Return each line of the records with nothing changed, pictures excepted.
(DATA)
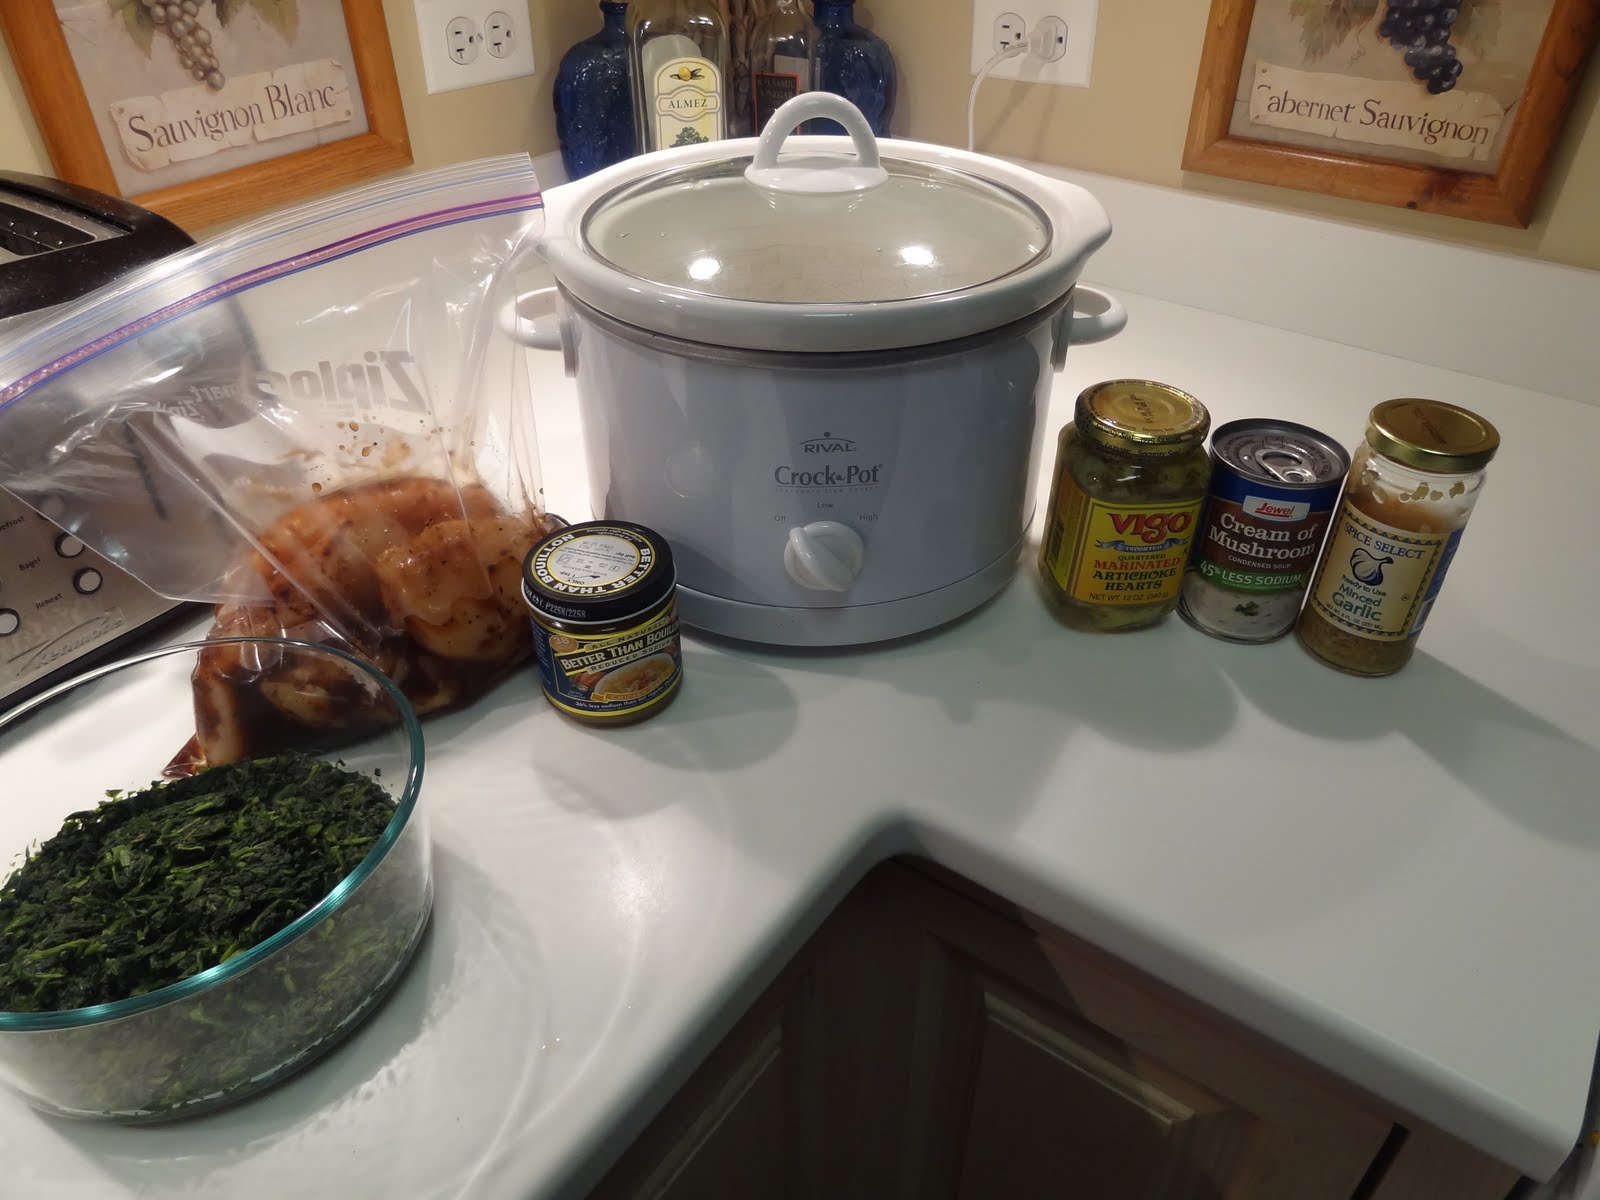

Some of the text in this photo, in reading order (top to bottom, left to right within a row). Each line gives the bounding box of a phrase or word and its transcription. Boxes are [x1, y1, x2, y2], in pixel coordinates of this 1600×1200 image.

[668, 98, 708, 109] ALMEZ
[128, 83, 337, 152] Sauvignon Blanc
[1257, 84, 1489, 145] abernet Sauvignon
[804, 442, 853, 454] RIVAL
[859, 513, 879, 522] High
[1256, 502, 1295, 517] Jewel
[1220, 513, 1318, 542] Cream of
[1208, 524, 1315, 560] Mushroom
[1344, 522, 1425, 560] SPICE SELECT
[18, 557, 42, 572] Bagel
[535, 533, 575, 583] BOUILLON
[1093, 557, 1181, 571] MARINATED
[1117, 553, 1166, 561] QUARTERED
[1227, 555, 1272, 569] CONDENSED
[612, 548, 652, 589] BETTER
[1092, 567, 1177, 581] ARTICHOKE
[1200, 560, 1221, 577] 45%
[1222, 570, 1253, 585] LESS
[1254, 573, 1302, 586] SODIUM
[554, 582, 607, 594] THAN
[1104, 580, 1163, 591] HEARTS
[1341, 573, 1387, 597] Ready to Use
[35, 592, 64, 611] Reheat
[1089, 592, 1106, 601] NET
[1338, 583, 1383, 607] Minced
[545, 602, 587, 618] P2258/2258
[1332, 591, 1382, 622] Garlic
[553, 635, 569, 646] 38
[560, 651, 607, 670] BETTER
[607, 639, 644, 658] THAN
[590, 653, 639, 671] REDUCED
(End DATA)
- [RESPONSE]
Some of the text in this photo, in reading order (top to bottom, left to right within a row). Each line gives the bounding box of a phrase or word and its transcription. Boxes are [x1, y1, x2, y2], in pixel coordinates of this 1600×1200 image.

[668, 98, 708, 109] ALMEZ
[128, 83, 337, 152] Sauvignon Blanc
[1257, 84, 1489, 145] abernet Sauvignon
[804, 442, 853, 454] RIVAL
[859, 513, 879, 522] High
[1256, 502, 1295, 517] Jewel
[1220, 513, 1318, 542] Cream of
[1208, 524, 1315, 560] Mushroom
[1344, 522, 1425, 560] SPICE SELECT
[18, 557, 42, 572] Bagel
[535, 533, 575, 583] BOUILLON
[1093, 557, 1181, 571] MARINATED
[1117, 553, 1166, 561] QUARTERED
[1227, 555, 1272, 569] CONDENSED
[612, 548, 652, 589] BETTER
[1092, 567, 1177, 581] ARTICHOKE
[1200, 560, 1221, 577] 45%
[1222, 570, 1253, 585] LESS
[1254, 573, 1302, 586] SODIUM
[554, 582, 607, 594] THAN
[1104, 580, 1163, 591] HEARTS
[1341, 573, 1387, 597] Ready to Use
[35, 592, 64, 611] Reheat
[1089, 592, 1106, 601] NET
[1338, 583, 1383, 607] Minced
[545, 602, 587, 618] P2258/2258
[1332, 591, 1382, 622] Garlic
[553, 635, 569, 646] 38
[560, 651, 607, 670] BETTER
[607, 639, 644, 658] THAN
[590, 653, 639, 671] REDUCED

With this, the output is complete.